04 de setembro de 2026
Hoje, em Polignano al Mare, vivemos um daqueles momentos que não estava planeado, mas que ficará na memória. Enquanto observávamos e fografávamos a maravilhosa paisagem marítima do Mar Adriático, vimos um senhor idoso, sentado num banco, virado para o mar. Este sorriu e perguntou, de forma divertida, se também lhe tirávamos uma fotografia (“fai una foto anche a me”). Aquela frase foi o mote para o início de uma conversa, inicialmente, com alguns entraves, por causa da língua, mas que depressa fluiu. Notava-se nele alguma solidão e a necessidade de que alguém o ouvisse.

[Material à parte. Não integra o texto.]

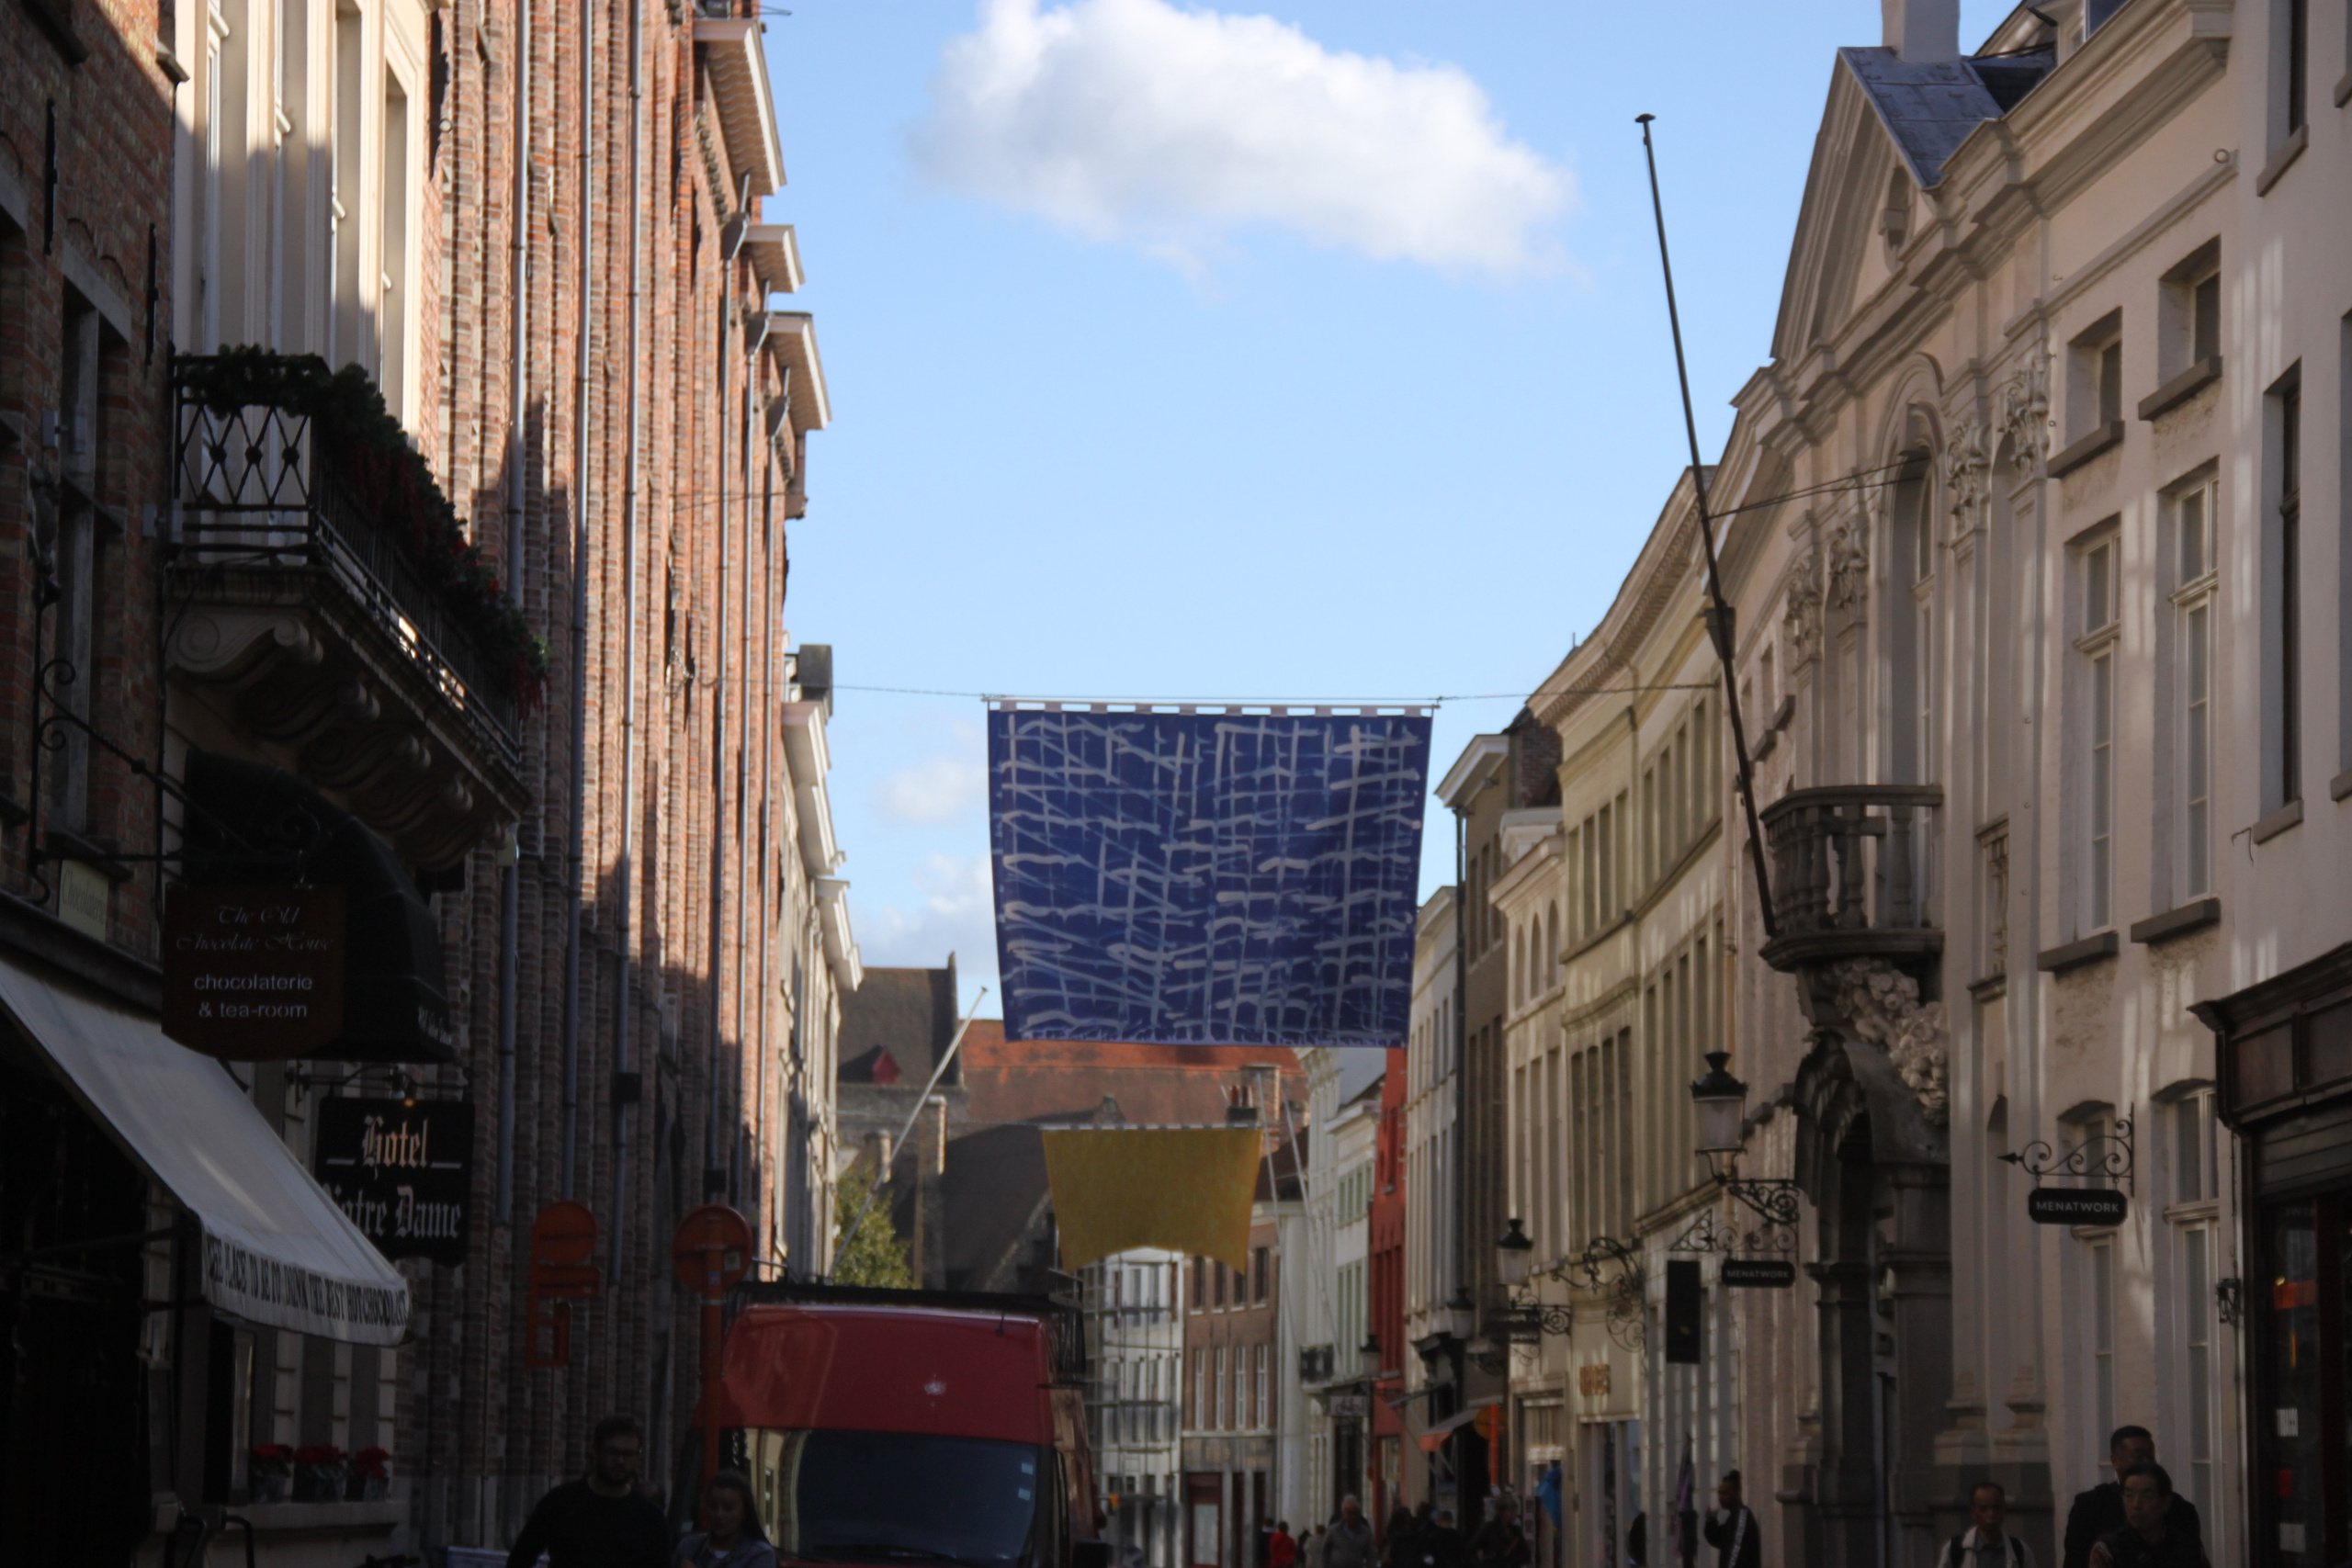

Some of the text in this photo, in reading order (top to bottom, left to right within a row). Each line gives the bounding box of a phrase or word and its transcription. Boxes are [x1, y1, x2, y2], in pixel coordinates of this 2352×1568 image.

O que começou por ser uma brincadeira transformou-se numa oportunidade de conhecer uma parte da sua história, ouvir as suas experiências e perceber um pouco melhor da pessoa que estava diante de nós.
Houve uma troca genuína: ele partilhou connosco as suas vivências e nós partilhámos também um pouco das nossas. Mais do que palavras, existiu curiosidade, atenção e vontade de conhecer o outro. A atenção que lhe demos e a empatia criada alegrou, com certeza, o dia daquele senhor solitário.
Aquele momento mostrou-nos que para existir empatia e inclusão não é necessário ter a mesma idade, a mesma origem ou as mesmas experiências.
Este encontro, para além da riqueza e da troca de saberes e culturas, fez-nos refletir sobre a importância de criar relações entre pessoas de gerações diferentes e de como é importante, numa Europa envelhecida, dar atenção aos mais velhos, principalmente aqueles que estão sós e com quem tanto podemos aprender.
No final, ficou uma aprendizagem simples: incluir também é saber parar, ouvir e dar espaço à história do outro. Porque uma sociedade mais inclusiva começa muitas vezes com a abertura para uma conversa inesperada, um pouco de empatia e vontade de conhecer quem está do outro lado.